The membranes of different cells vary. Thus a heart cell membrane will respond to nicotine, which attaches to nicotine receptors on the surface, but fat cells will not respond since they do not have nicotine receptors. 


Question 4.07

As you inhale your first cigarette for the day, you notice that your heart rate increased. This is due to which of the following?

A

Nicotine stimulates the nucleus of the heart

B

Nicotine stimulates the mitochondria of the heart

C

Nicotine stimulates the nicotinic receptors on the membrane of the heart cells

D

Nicotine activates the plasma membrane directly.


4.2.3 Cytoskeleton: The Support for the Cell

The cytoskeleton acts to organize and maintain the cell's shape; anchors organelles in place; helps during endocytosis, the uptake of external materials by a cell, and cytokinesis, the separation of daughter cells after cell division and allows the cell to move. The eukaryotic cytoskeleton is composed of microfilaments, intermediate filaments, and microtubules. Their function is as follows: 

Figure 4.11: The cell has molecular scaffolding to support its internal and external structure as well as its movements.

Microfilaments are small protein fibers that are composed of the contractile protein, actin. Microfilaments of actin in conjunction with myosin are responsible for muscle contraction. In addition, they are responsible for cellular movements such as gliding, contraction and the separation and division of dividing cells. They are called microfilaments since they are 3-6 nanometers in diameter relative to the size of microtubules.

Microtubules are hollow tubes that function as the scaffolding of the cell. They determine the cell shape and provide an internal transport network on which cell organelles and vesicles move. Microtubules are the largest component of the cytoskeleton measuring 20-25 nanometers in diameter and are composed of tubulin. Their length varies from 200 nanometers to 25 micrometers. They compose the cilia and flagella of cells with a characteristic 9 microtubule doubles +2 central single microtubules. Spermatozoa propel themselves towards the egg by the whipping motion of the tail composed of microtubules. 

Intermediate Filaments provide tensile strength for the cell so that it does not split apart. Intermediate filaments are in between microfilaments and microtubules measuring 10 nanometers in diameter. 


Question 4.08

Which of the following plays a major role in supporting the movement of cells?

A

Microtubule

B

Microfilaments

C

Intermediate filaments

D

None of the above since cells do not move

The solution inside the cell excluding the nucleus is called cytoplasm. It is a gel-like solution containing water and proteins, and it is an ideal medium in which chemical reactions can occur. 
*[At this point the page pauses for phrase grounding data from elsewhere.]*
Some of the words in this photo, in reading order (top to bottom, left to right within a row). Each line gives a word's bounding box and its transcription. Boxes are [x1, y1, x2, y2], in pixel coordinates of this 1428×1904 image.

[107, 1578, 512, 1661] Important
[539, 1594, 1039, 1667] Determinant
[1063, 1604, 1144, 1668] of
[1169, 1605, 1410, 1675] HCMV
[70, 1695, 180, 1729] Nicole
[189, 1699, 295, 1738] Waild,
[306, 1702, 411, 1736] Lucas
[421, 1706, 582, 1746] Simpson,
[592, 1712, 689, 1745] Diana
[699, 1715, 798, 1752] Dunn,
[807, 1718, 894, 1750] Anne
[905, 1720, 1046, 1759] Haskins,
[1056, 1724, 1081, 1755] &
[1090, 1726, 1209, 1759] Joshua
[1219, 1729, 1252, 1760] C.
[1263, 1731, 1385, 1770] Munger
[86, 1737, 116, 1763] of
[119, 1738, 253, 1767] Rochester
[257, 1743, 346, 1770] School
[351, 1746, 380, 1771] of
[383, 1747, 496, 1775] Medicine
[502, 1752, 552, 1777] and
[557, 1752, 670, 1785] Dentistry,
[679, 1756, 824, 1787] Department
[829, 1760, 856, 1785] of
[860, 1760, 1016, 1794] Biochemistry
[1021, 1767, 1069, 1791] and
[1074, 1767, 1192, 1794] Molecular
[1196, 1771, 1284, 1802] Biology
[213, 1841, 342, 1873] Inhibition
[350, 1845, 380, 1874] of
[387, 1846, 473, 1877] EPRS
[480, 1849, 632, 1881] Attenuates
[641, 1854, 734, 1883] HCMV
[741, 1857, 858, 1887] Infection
4.2.4 The Nucleus: The Command Center

The control center of animal and plant cells is the nucleus. This is the largest structure of the cell and has its own double-layered membrane with pores which allow the exit and entry of molecules and ions. The nucleus contains the nucleolus, which houses the chromosomes, and is composed of DNA that dictate what the cell will do through the production of proteins. The chromosomes are identical in all cells within an organism. but only certain parts of them, the genes, are expressed in different parts of the body. For example, you have skin cells, intestinal cells, bone cells, hair cells, etc. Each of their nuclei contains chromosomes that have an identical chemical composition of DNA. The difference lies in that those parts of the chromosome (DNA) used to make a skin cell are activated only on the skin and nowhere else.
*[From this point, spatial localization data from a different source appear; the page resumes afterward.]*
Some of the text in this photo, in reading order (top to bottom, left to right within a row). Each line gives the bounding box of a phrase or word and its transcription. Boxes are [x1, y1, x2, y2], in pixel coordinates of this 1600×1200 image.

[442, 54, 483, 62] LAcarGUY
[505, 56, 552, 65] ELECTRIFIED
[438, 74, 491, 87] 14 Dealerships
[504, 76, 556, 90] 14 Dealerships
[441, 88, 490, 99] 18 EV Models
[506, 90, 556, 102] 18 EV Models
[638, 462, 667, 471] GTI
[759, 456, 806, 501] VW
Figure 4.12. The nucleus is the molecular command center for directing the activities of the cell.


The nucleus has nucleoplasm in which the solutes of the nucleus are dissolved. 

Each cell reproduces according to the direction given in the DNA of its nucleus. The nucleus will direct cell division called mitosis or meiosis. Mitosis refers to a process in which the cell completely copies itself, whereas meiosis refers to a process by which the chromosomes are mingled, and a cell with a different chromosomal arrangement is produced. Meiosis is specifically found in reproductive cells.


Question 4.09

Which of the following structures in the nucleus allow chemicals to enter and leave?

A

Nucleoplasm

B

Nuclear Pores

C

Chromosomes

D

Genes


4.2.5 Endoplasmic Reticulum: Making Protein

Ships have their own manufacturing systems. In the same manner, cells have their factory which receive their direction from the nucleus. These cellular factories are the rough and smooth endoplasmic reticula.
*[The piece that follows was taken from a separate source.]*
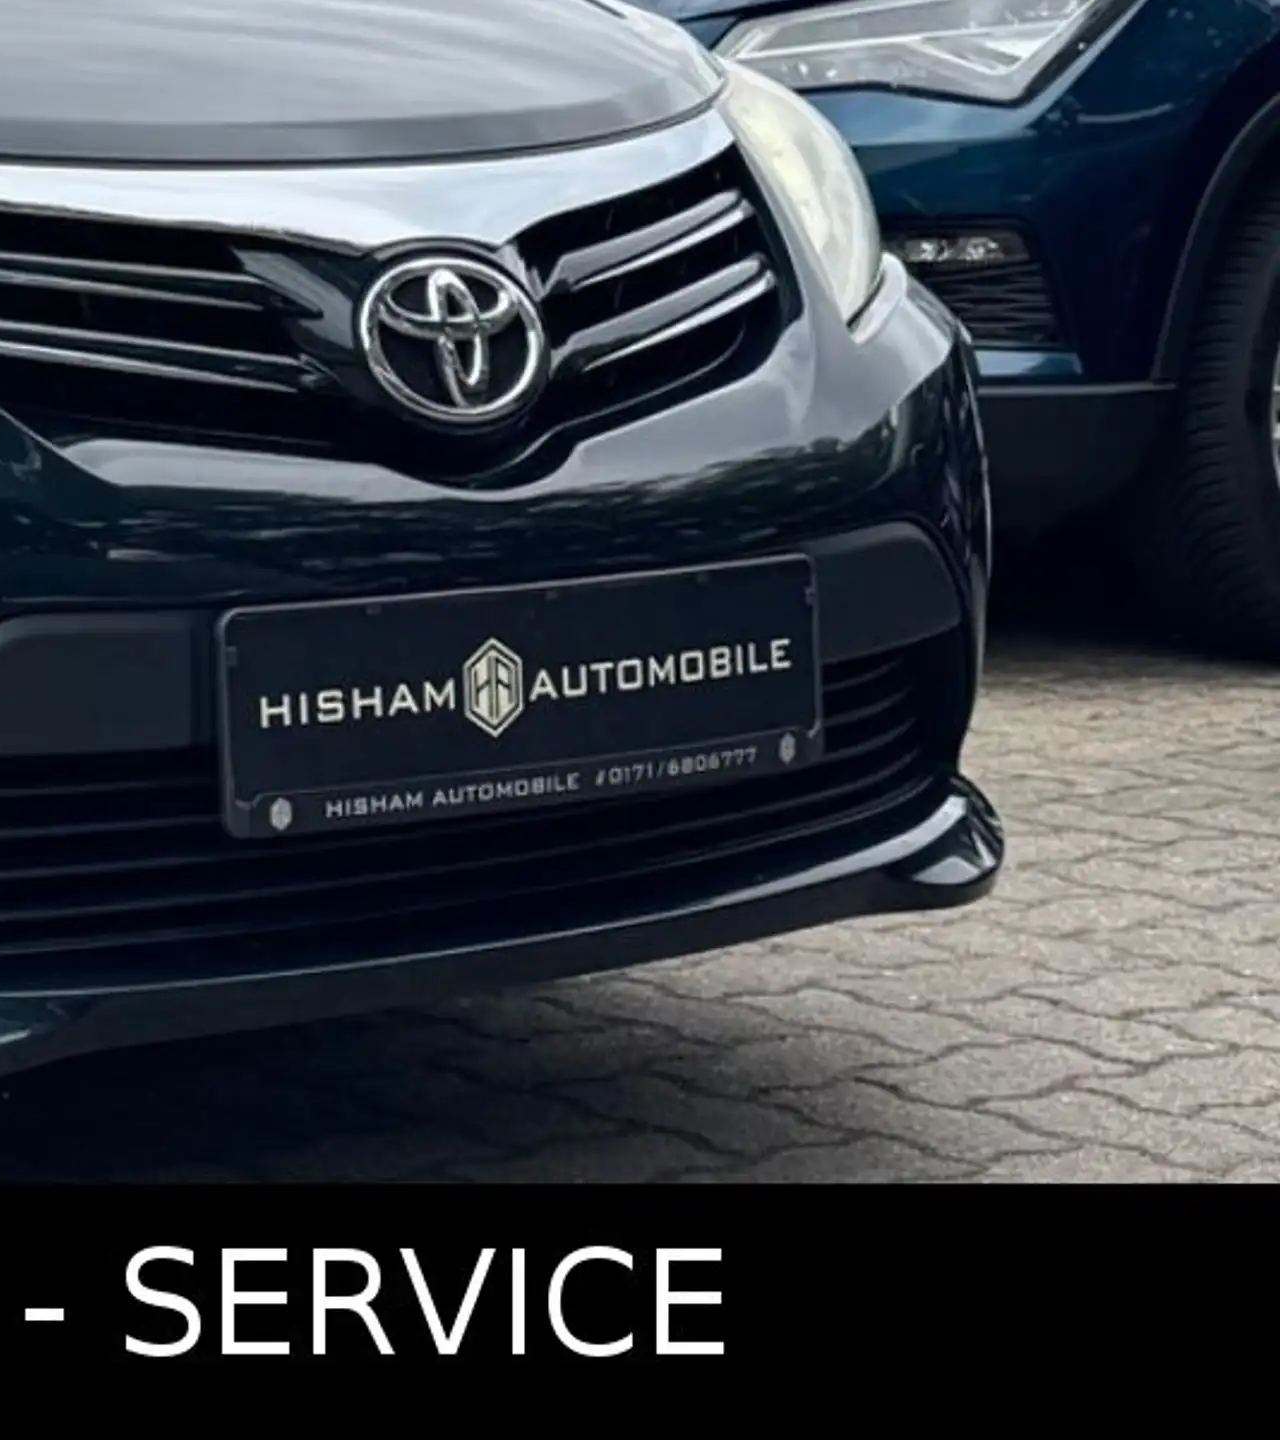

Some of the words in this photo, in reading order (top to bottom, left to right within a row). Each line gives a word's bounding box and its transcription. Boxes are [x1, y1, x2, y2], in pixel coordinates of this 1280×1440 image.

[259, 676, 457, 729] HISHAM
[528, 637, 793, 703] AUTOMOBILE
[324, 790, 425, 819] HISHAM
[431, 771, 582, 808] AUTOMOBILE
Figure 4.13: The ribosome is the site for protein production based on DNA instructions.

The endoplasmic reticulum is a network of internal membranes that fold over each other to form compartments which are held in place by the cytoskeleton. Part of the endoplasmic reticulum is continuous with the nuclear envelope. There are two types of endoplasmic reticula: rough and smooth. The rough endoplasmic reticulum (rER) manufactures proteins, and it has a "roughened" appearance since it has ribosomes attached to it which play a major role in protein synthesis and folding. The adrenal gland which is situated on top of the kidney, has two components, the cortex, and medulla. The cortex produces a large number of hormones such as cortisol and androgens, and it is characterized by having an extensive rough endoplasmic reticulum. 

The smooth endoplasmic reticulum (sER) has no ribosomes and thus has a smooth surface. It has different functions in various cells. In muscle cells, it stores calcium ions that are used in muscle contraction. In other cells, it is involved in lipid and cholesterol synthesis as well as repair of membranes. The sER plays a major role in detoxifying products in the liver. If large amounts of alcohol or drugs enter the liver, the sER doubles in size to metabolize the alcohol or drugs. 

An interesting point about the endoplasmic reticulum is that it is not present in mature red blood cells. The red blood cells are not producing any protein but are functioning as a carrier of oxygen. As a consequence, it does not need the endoplasmic reticulum.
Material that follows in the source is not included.